Gordon nodded once, and they continued down the corridor.
---
The road into Gotham at this hour was nearly empty, the kind of emptiness that made the distance feel longer than it was. The highway ran straight and dark, and the only thing moving on it for a long stretch was a sleek black RV that gave no indication from the outside of what it was carrying.
Inside, it looked like what it was supposed to look like — a motor home, the interior fitted with the normal inventory of long-distance travel. The deception was the point. Nothing about the vehicle was meant to attract a second look.
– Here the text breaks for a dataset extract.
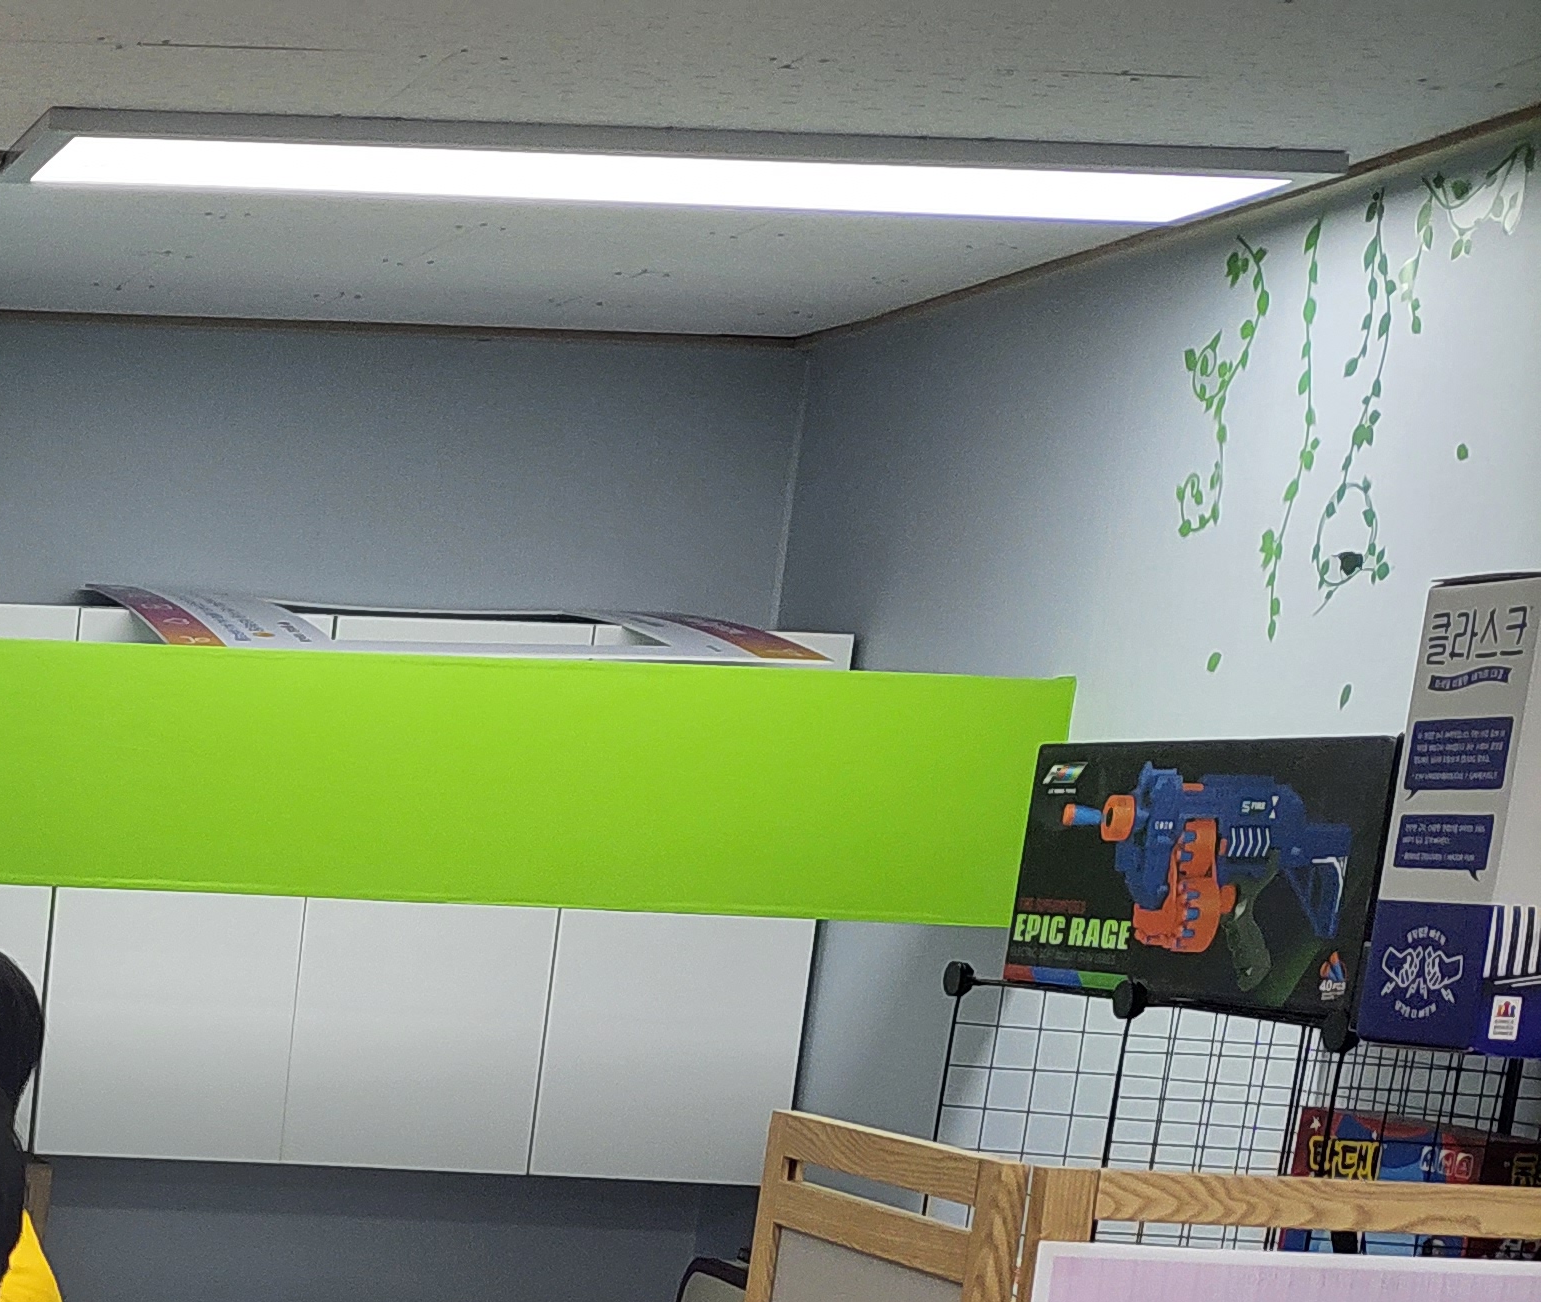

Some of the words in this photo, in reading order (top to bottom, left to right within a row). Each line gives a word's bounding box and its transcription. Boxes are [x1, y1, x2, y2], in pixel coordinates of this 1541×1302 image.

[1425, 605, 1528, 666] 클라스크
[1012, 913, 1066, 945] EPIC
[1067, 916, 1132, 950] RAGE
Flag drove, Helena in the passenger seat, both of them in civilian clothes. The city outside was still a smear of distant lights ahead of them.
Behind the front seats, Lt. Steel sat on the sofa with his eyes closed in the way of someone who had learned to rest without sleeping, every muscle in his body maintaining a stillness that looked like relaxation and wasn't. Across from him, Rojo had found a bag of chips in the fridge and was working through them at a volume that was probably deliberate. Steel's expression didn't change.
"Look alive," Flag said, from the front. "We're approaching Gotham."
Steel opened his eyes. Rojo looked out the window, watching the welcome sign pass.
She sat back. "So much for working on my tan."
Waller's briefing had been thorough and repeated — two days of it alongside the Xenoskin familiarization, the same points emphasized each time. Civilian discretion. No public incidents. And no contact with the Batman. The last point had been stated first and reiterated last, which was how Waller indicated priorities.
Helena looked out at the Gotham skyline as it began to define itself against the night sky — the towers, the bridges, the particular quality of the city's darkness, which was different from other cities' darkness in ways that were difficult to specify but immediately obvious. She'd been here once before, briefly, and the impression it had left had not improved with time.
"Something wrong?" Flag asked, eyes on the road.
"No," Helena said. She watched the skyline for another moment. "Let's just get this done and get out."